RECORD EXCERPTS →
····················
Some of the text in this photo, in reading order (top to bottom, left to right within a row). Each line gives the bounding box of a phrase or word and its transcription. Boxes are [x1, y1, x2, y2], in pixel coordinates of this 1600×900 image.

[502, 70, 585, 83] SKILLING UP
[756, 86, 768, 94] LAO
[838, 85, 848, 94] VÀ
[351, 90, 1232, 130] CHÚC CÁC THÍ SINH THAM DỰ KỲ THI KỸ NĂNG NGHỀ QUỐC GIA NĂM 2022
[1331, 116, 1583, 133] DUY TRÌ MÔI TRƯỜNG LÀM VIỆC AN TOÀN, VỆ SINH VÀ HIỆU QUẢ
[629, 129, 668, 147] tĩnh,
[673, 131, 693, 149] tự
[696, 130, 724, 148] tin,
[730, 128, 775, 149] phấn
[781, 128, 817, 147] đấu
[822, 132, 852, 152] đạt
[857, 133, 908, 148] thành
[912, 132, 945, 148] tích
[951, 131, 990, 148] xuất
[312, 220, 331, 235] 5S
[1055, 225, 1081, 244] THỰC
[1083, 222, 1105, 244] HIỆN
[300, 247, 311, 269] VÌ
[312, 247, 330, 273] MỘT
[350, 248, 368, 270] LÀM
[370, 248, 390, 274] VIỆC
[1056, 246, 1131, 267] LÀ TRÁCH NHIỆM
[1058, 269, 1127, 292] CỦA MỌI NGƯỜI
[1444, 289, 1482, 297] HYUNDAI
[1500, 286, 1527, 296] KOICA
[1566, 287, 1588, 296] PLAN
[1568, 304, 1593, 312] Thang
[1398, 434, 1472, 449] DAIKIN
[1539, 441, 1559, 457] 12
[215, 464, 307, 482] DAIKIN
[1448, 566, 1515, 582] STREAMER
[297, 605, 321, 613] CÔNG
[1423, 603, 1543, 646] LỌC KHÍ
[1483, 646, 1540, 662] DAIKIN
····················
Once you have read the records, write every one of them out again exactly.

SOLUTION FOR THIS EXERCISE →
Some of the text in this photo, in reading order (top to bottom, left to right within a row). Each line gives the bounding box of a phrase or word and its transcription. Boxes are [x1, y1, x2, y2], in pixel coordinates of this 1600×900 image.

[502, 70, 585, 83] SKILLING UP
[756, 86, 768, 94] LAO
[838, 85, 848, 94] VÀ
[351, 90, 1232, 130] CHÚC CÁC THÍ SINH THAM DỰ KỲ THI KỸ NĂNG NGHỀ QUỐC GIA NĂM 2022
[1331, 116, 1583, 133] DUY TRÌ MÔI TRƯỜNG LÀM VIỆC AN TOÀN, VỆ SINH VÀ HIỆU QUẢ
[629, 129, 668, 147] tĩnh,
[673, 131, 693, 149] tự
[696, 130, 724, 148] tin,
[730, 128, 775, 149] phấn
[781, 128, 817, 147] đấu
[822, 132, 852, 152] đạt
[857, 133, 908, 148] thành
[912, 132, 945, 148] tích
[951, 131, 990, 148] xuất
[312, 220, 331, 235] 5S
[1055, 225, 1081, 244] THỰC
[1083, 222, 1105, 244] HIỆN
[300, 247, 311, 269] VÌ
[312, 247, 330, 273] MỘT
[350, 248, 368, 270] LÀM
[370, 248, 390, 274] VIỆC
[1056, 246, 1131, 267] LÀ TRÁCH NHIỆM
[1058, 269, 1127, 292] CỦA MỌI NGƯỜI
[1444, 289, 1482, 297] HYUNDAI
[1500, 286, 1527, 296] KOICA
[1566, 287, 1588, 296] PLAN
[1568, 304, 1593, 312] Thang
[1398, 434, 1472, 449] DAIKIN
[1539, 441, 1559, 457] 12
[215, 464, 307, 482] DAIKIN
[1448, 566, 1515, 582] STREAMER
[297, 605, 321, 613] CÔNG
[1423, 603, 1543, 646] LỌC KHÍ
[1483, 646, 1540, 662] DAIKIN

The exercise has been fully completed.